**What you should do**
Apart from the pictures, please restate every entry below exactly.

**Source material**
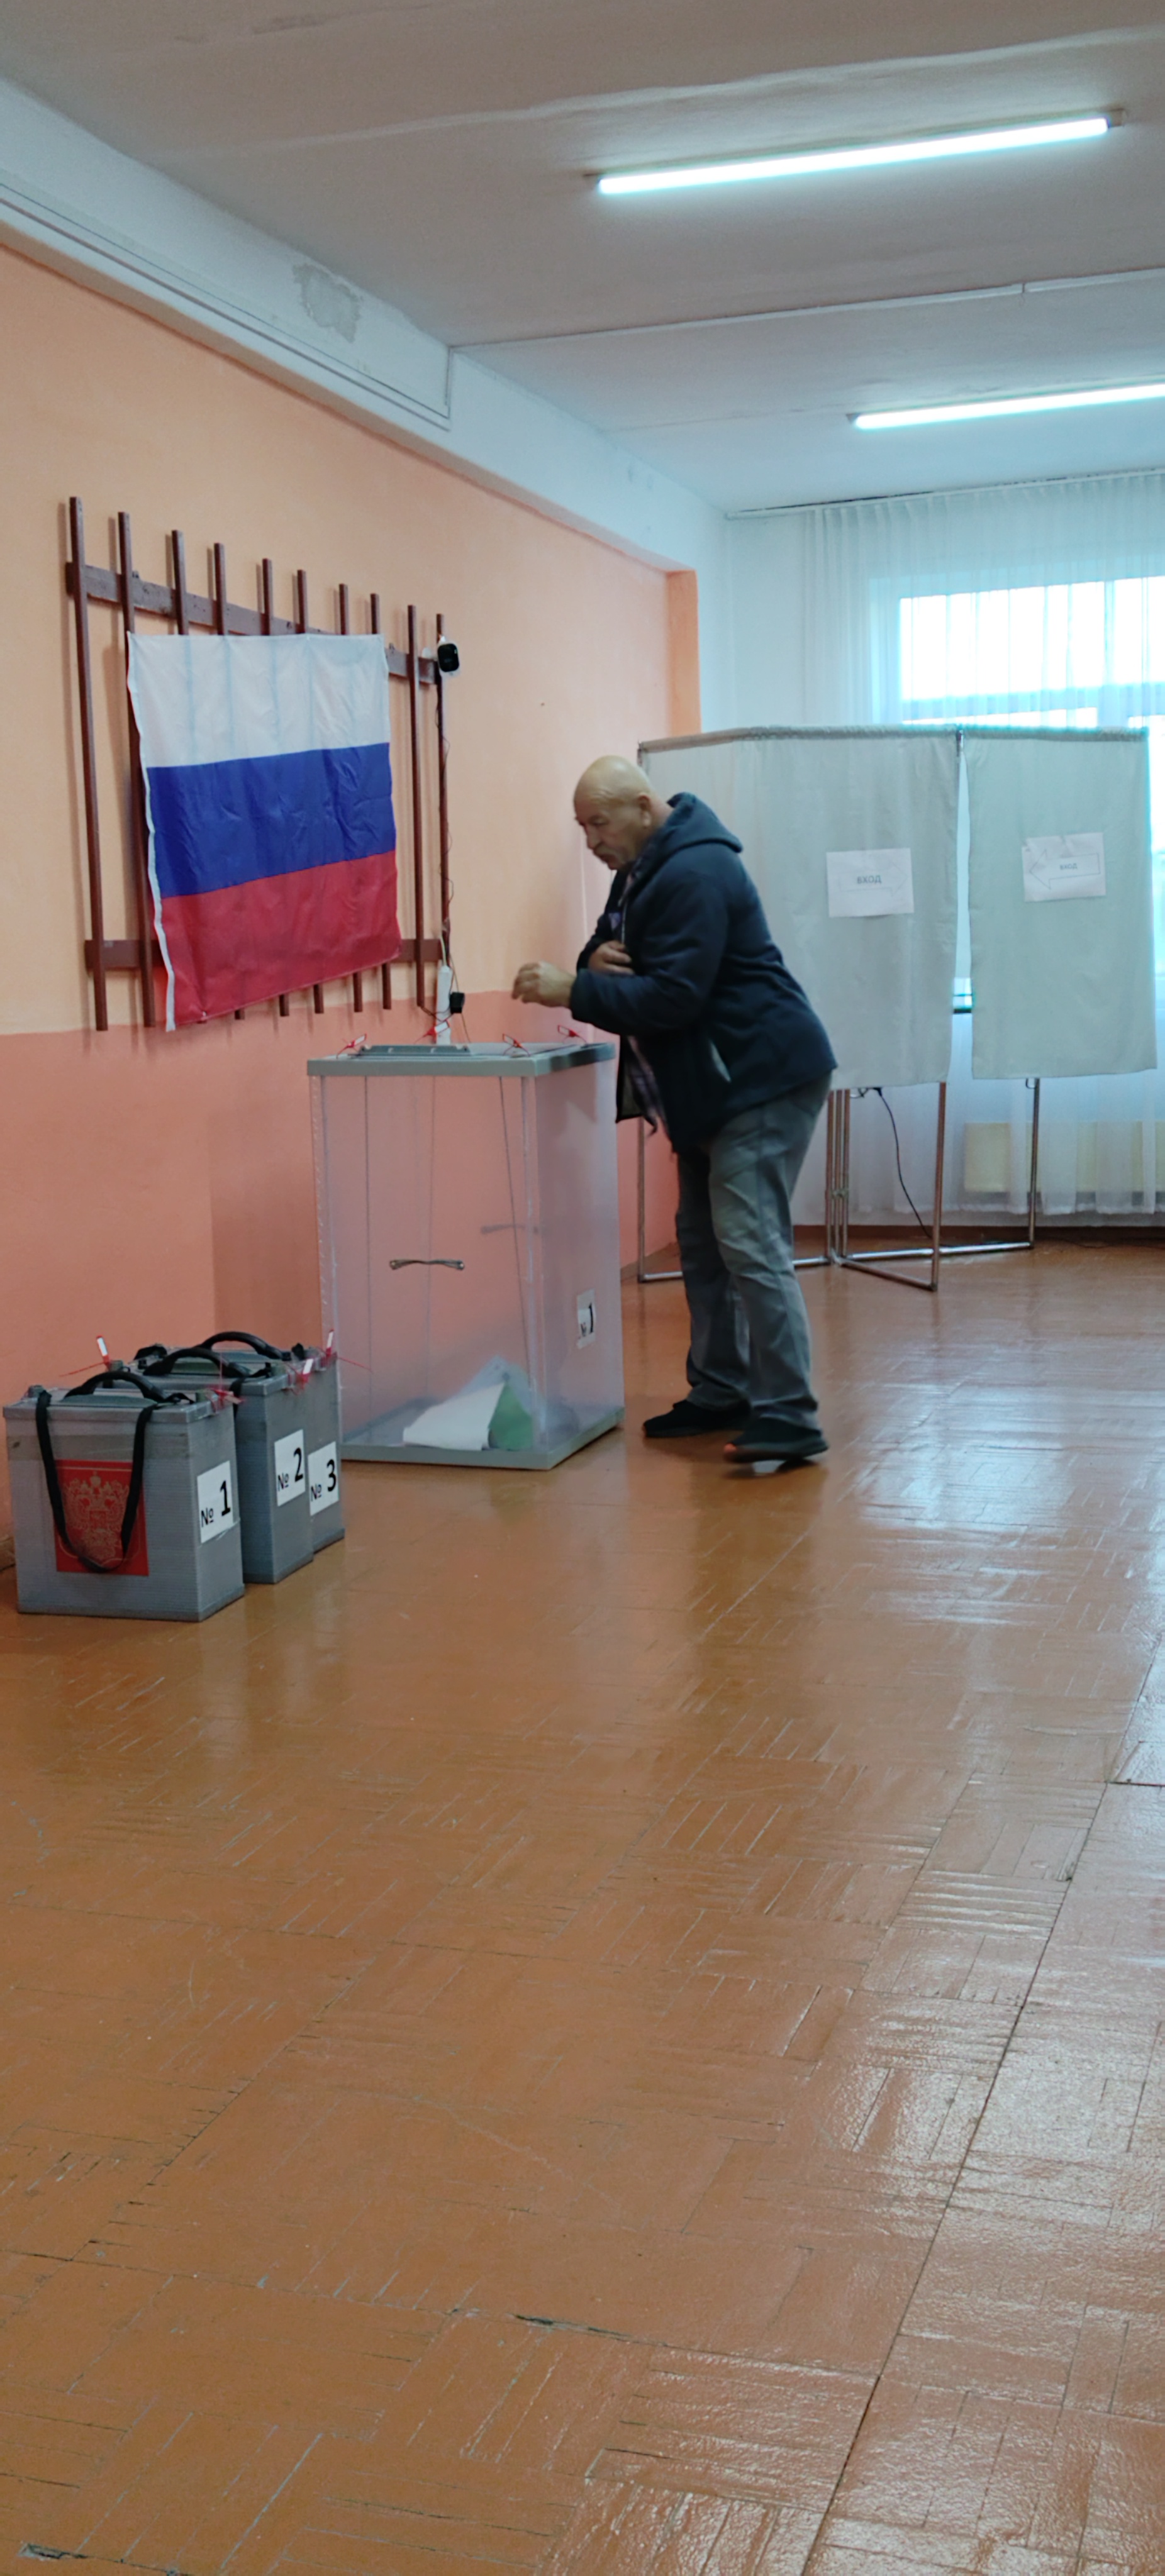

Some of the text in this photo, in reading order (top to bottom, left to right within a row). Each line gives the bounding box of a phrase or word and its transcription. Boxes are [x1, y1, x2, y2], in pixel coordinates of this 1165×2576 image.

[588, 1302, 594, 1334] 1
[294, 1447, 304, 1482] 2
[326, 1459, 337, 1492] 3
[220, 1480, 231, 1516] 1
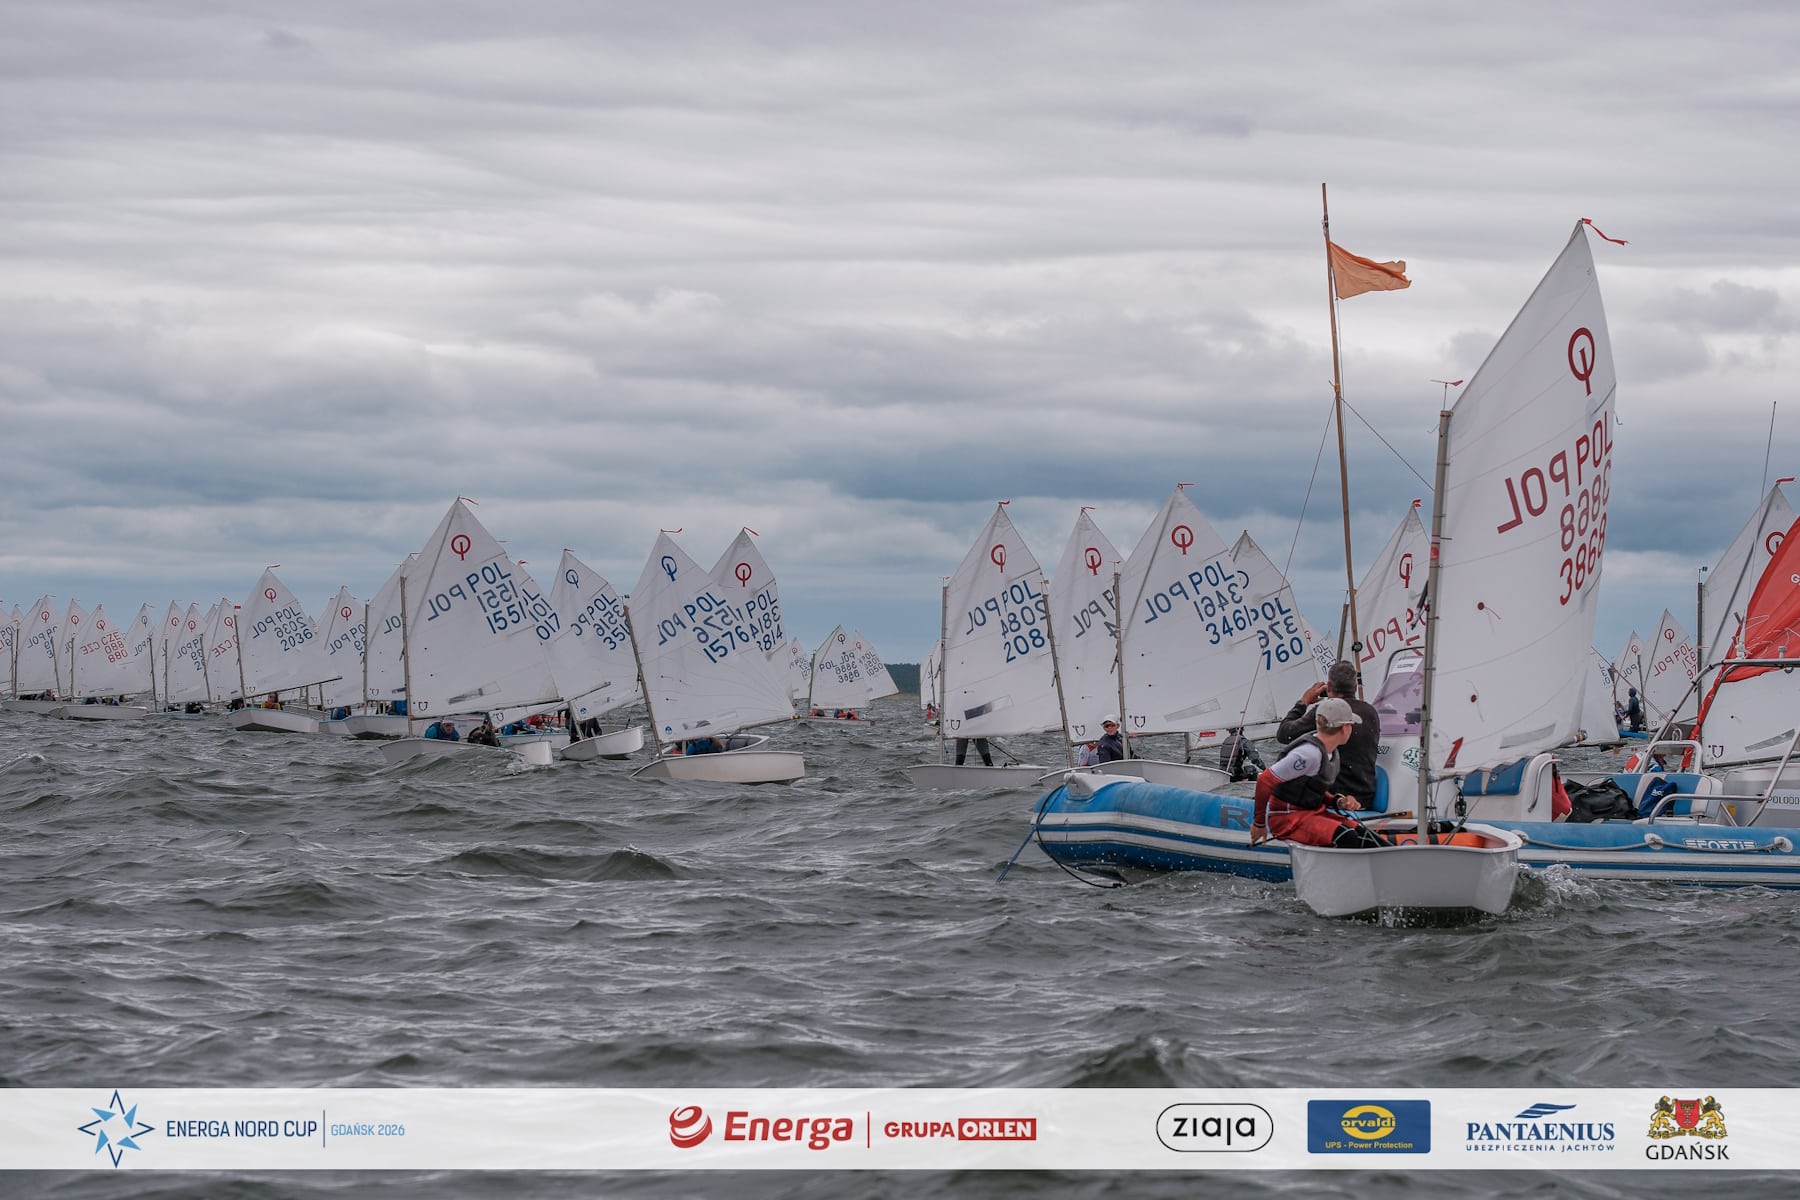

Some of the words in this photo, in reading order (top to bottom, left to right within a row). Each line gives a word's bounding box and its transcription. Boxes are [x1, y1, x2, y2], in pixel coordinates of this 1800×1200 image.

[1576, 411, 1613, 486] POL
[466, 562, 511, 593] POL
[1188, 561, 1235, 595] POL
[587, 594, 616, 620] POL
[684, 592, 726, 623] POL
[746, 589, 777, 619] POL
[1002, 580, 1042, 613] POL
[275, 606, 300, 622] POL
[486, 601, 527, 634] 1551
[536, 613, 560, 640] 017
[1206, 605, 1252, 645] 3461
[101, 631, 122, 646] CZE
[281, 629, 313, 651] 2036
[350, 624, 366, 639] PO
[703, 625, 749, 663] 1576
[1004, 628, 1046, 663] 208
[108, 649, 129, 663] 880
[1262, 637, 1303, 670] 760
[1686, 663, 1699, 679] 97

**Exercise output**
Some of the text in this photo, in reading order (top to bottom, left to right within a row). Each line gives the bounding box of a phrase or word and its transcription. Boxes are [x1, y1, x2, y2], in pixel coordinates of this 1165×2576 image.

[588, 1302, 594, 1334] 1
[294, 1447, 304, 1482] 2
[326, 1459, 337, 1492] 3
[220, 1480, 231, 1516] 1

Some of the words in this photo, in reading order (top to bottom, left to right within a row). Each line gives a word's bounding box and its transcription. Boxes are [x1, y1, x2, y2], in pixel coordinates of this 1800×1200 image.

[1576, 411, 1613, 486] POL
[466, 562, 511, 593] POL
[1188, 561, 1235, 595] POL
[587, 594, 616, 620] POL
[684, 592, 726, 623] POL
[746, 589, 777, 619] POL
[1002, 580, 1042, 613] POL
[275, 606, 300, 622] POL
[486, 601, 527, 634] 1551
[536, 613, 560, 640] 017
[1206, 605, 1252, 645] 3461
[101, 631, 122, 646] CZE
[281, 629, 313, 651] 2036
[350, 624, 366, 639] PO
[703, 625, 749, 663] 1576
[1004, 628, 1046, 663] 208
[108, 649, 129, 663] 880
[1262, 637, 1303, 670] 760
[1686, 663, 1699, 679] 97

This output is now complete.